BEGIN DATASET RECORDS

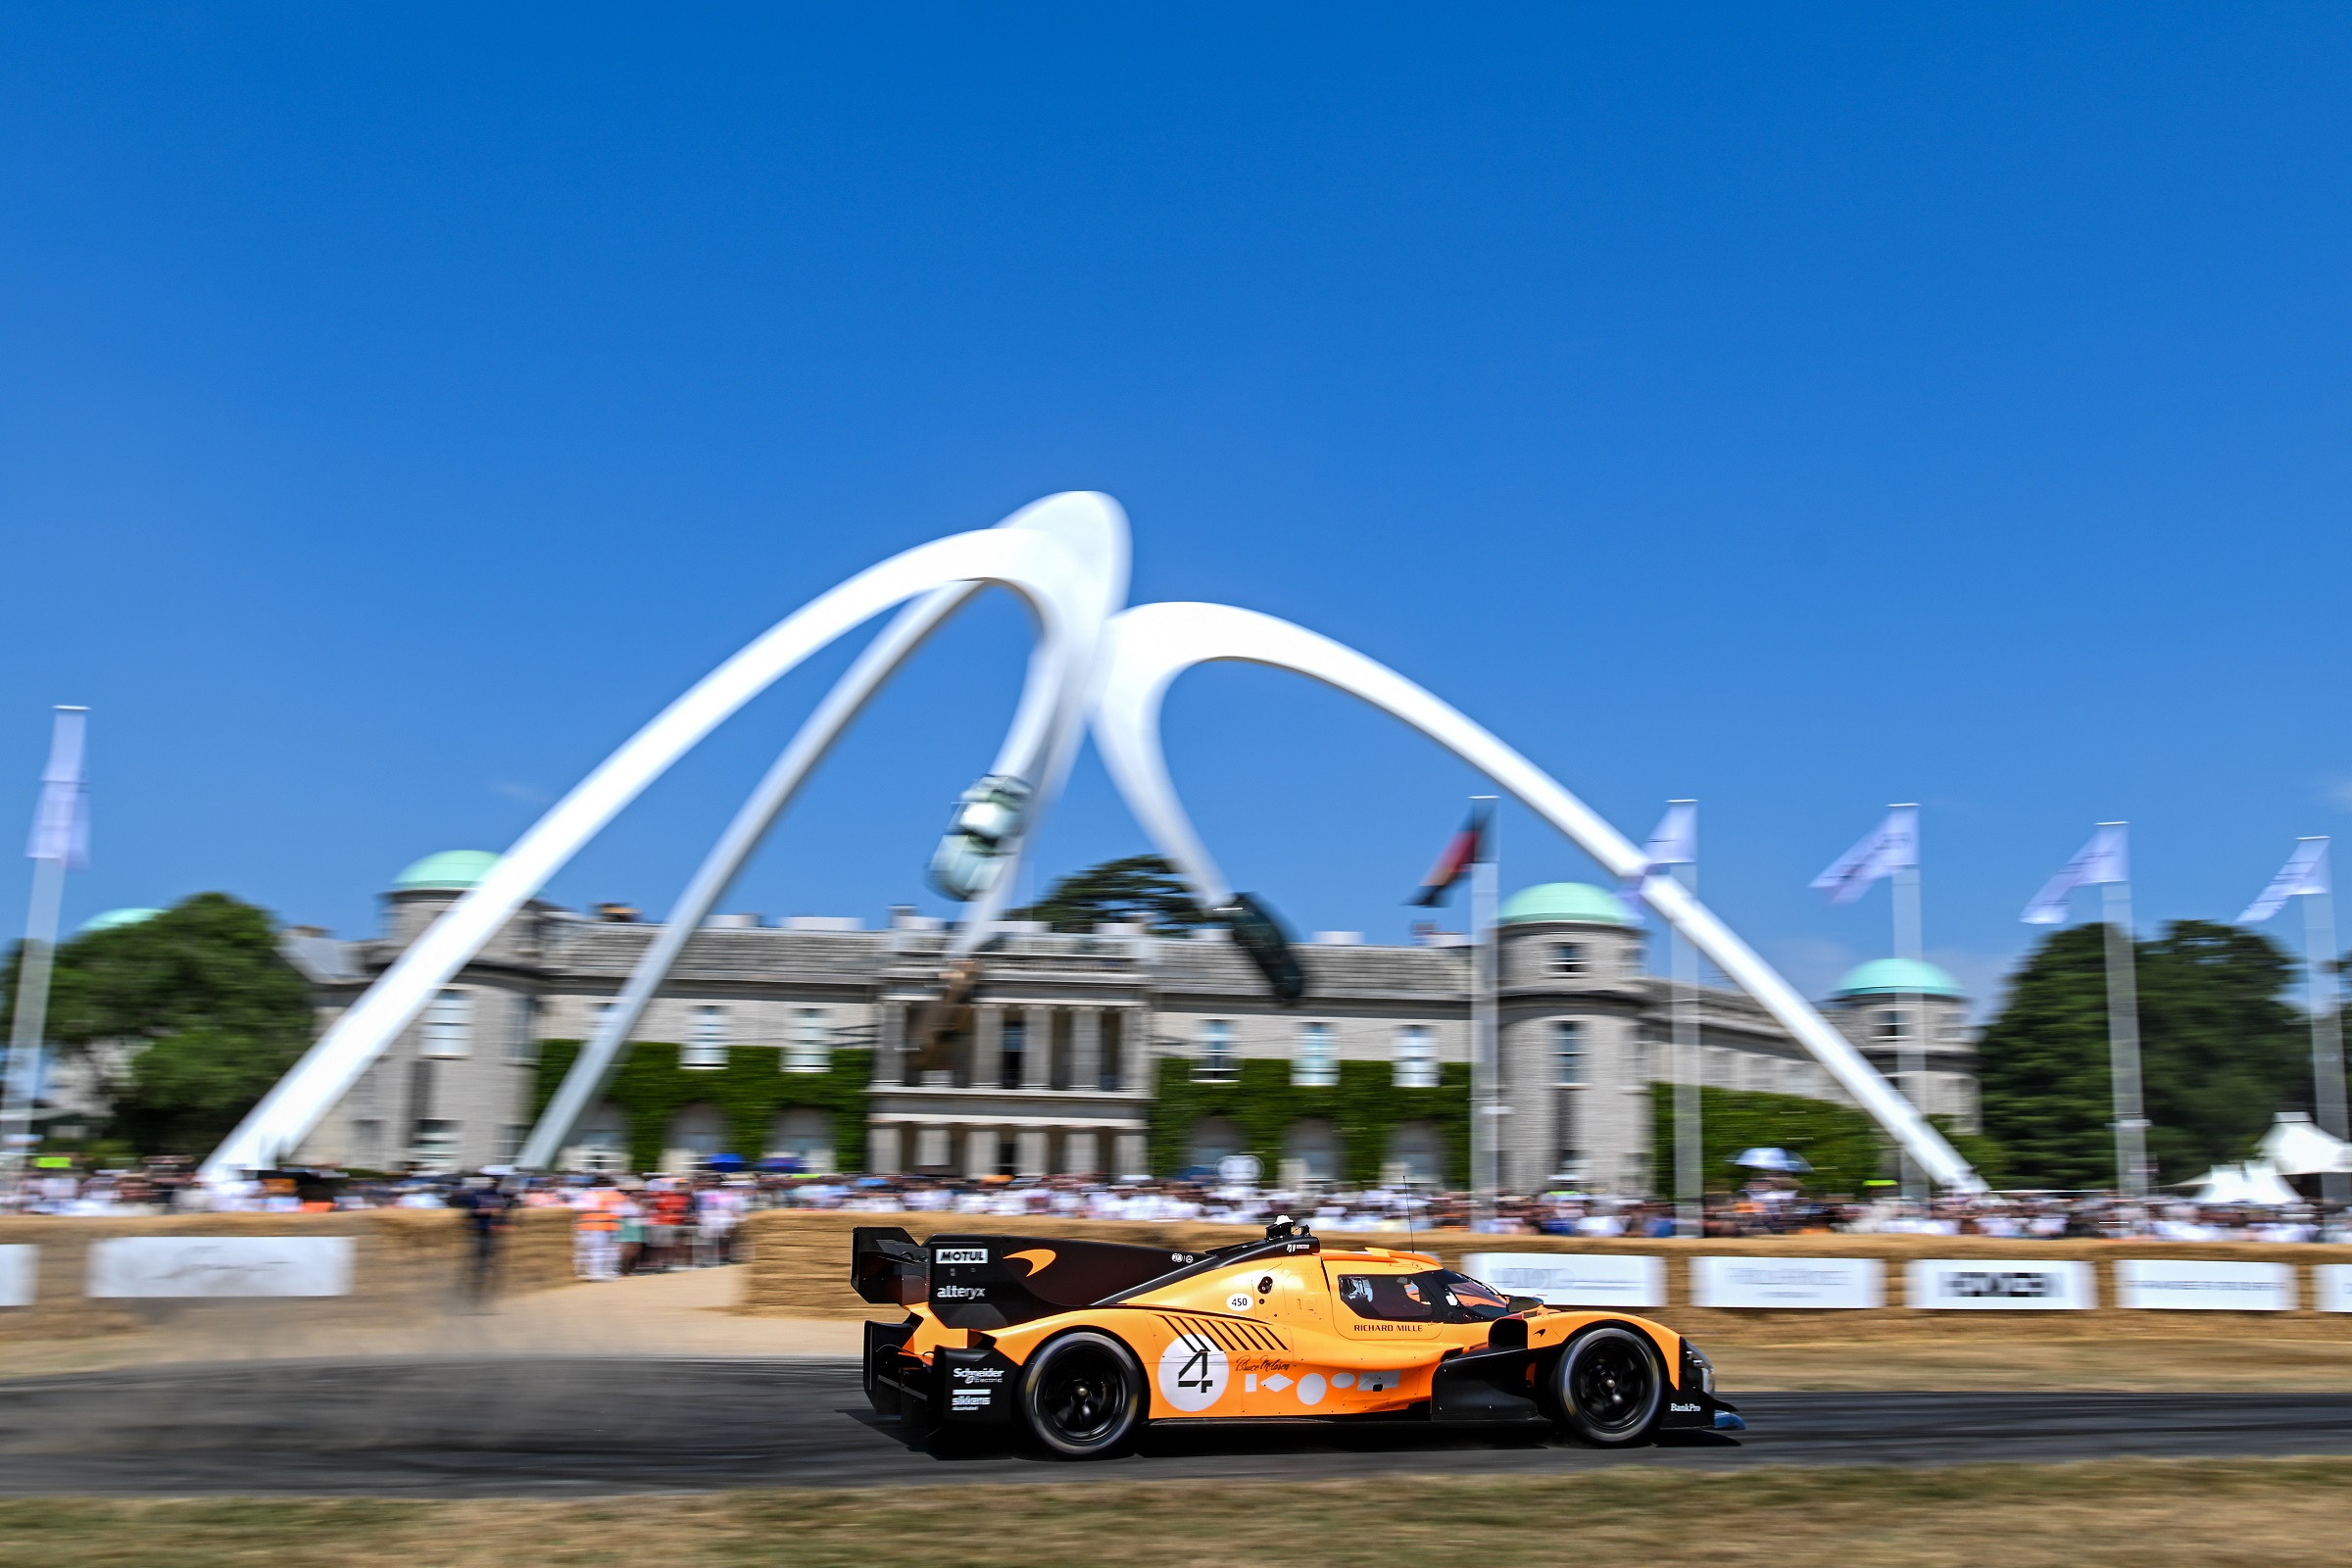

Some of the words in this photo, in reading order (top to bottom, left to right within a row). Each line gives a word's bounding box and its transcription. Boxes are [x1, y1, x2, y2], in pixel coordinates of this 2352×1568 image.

[941, 1250, 985, 1261] MOTUL
[937, 1285, 986, 1299] alteryx
[1231, 1298, 1248, 1307] 450
[1236, 1354, 1260, 1372] Bruce
[953, 1367, 1004, 1378] Schneider
[1178, 1348, 1213, 1394] 4
[952, 1396, 991, 1405] sikkens
[1670, 1402, 1701, 1412] BankPro

END DATASET RECORDS

TASK DESCRIPTION
What the answer needs is every record above, exactly as written, and no pictures.

WRITTEN RESPONSE
Some of the words in this photo, in reading order (top to bottom, left to right within a row). Each line gives a word's bounding box and its transcription. Boxes are [x1, y1, x2, y2], in pixel coordinates of this 2352×1568 image.

[941, 1250, 985, 1261] MOTUL
[937, 1285, 986, 1299] alteryx
[1231, 1298, 1248, 1307] 450
[1236, 1354, 1260, 1372] Bruce
[953, 1367, 1004, 1378] Schneider
[1178, 1348, 1213, 1394] 4
[952, 1396, 991, 1405] sikkens
[1670, 1402, 1701, 1412] BankPro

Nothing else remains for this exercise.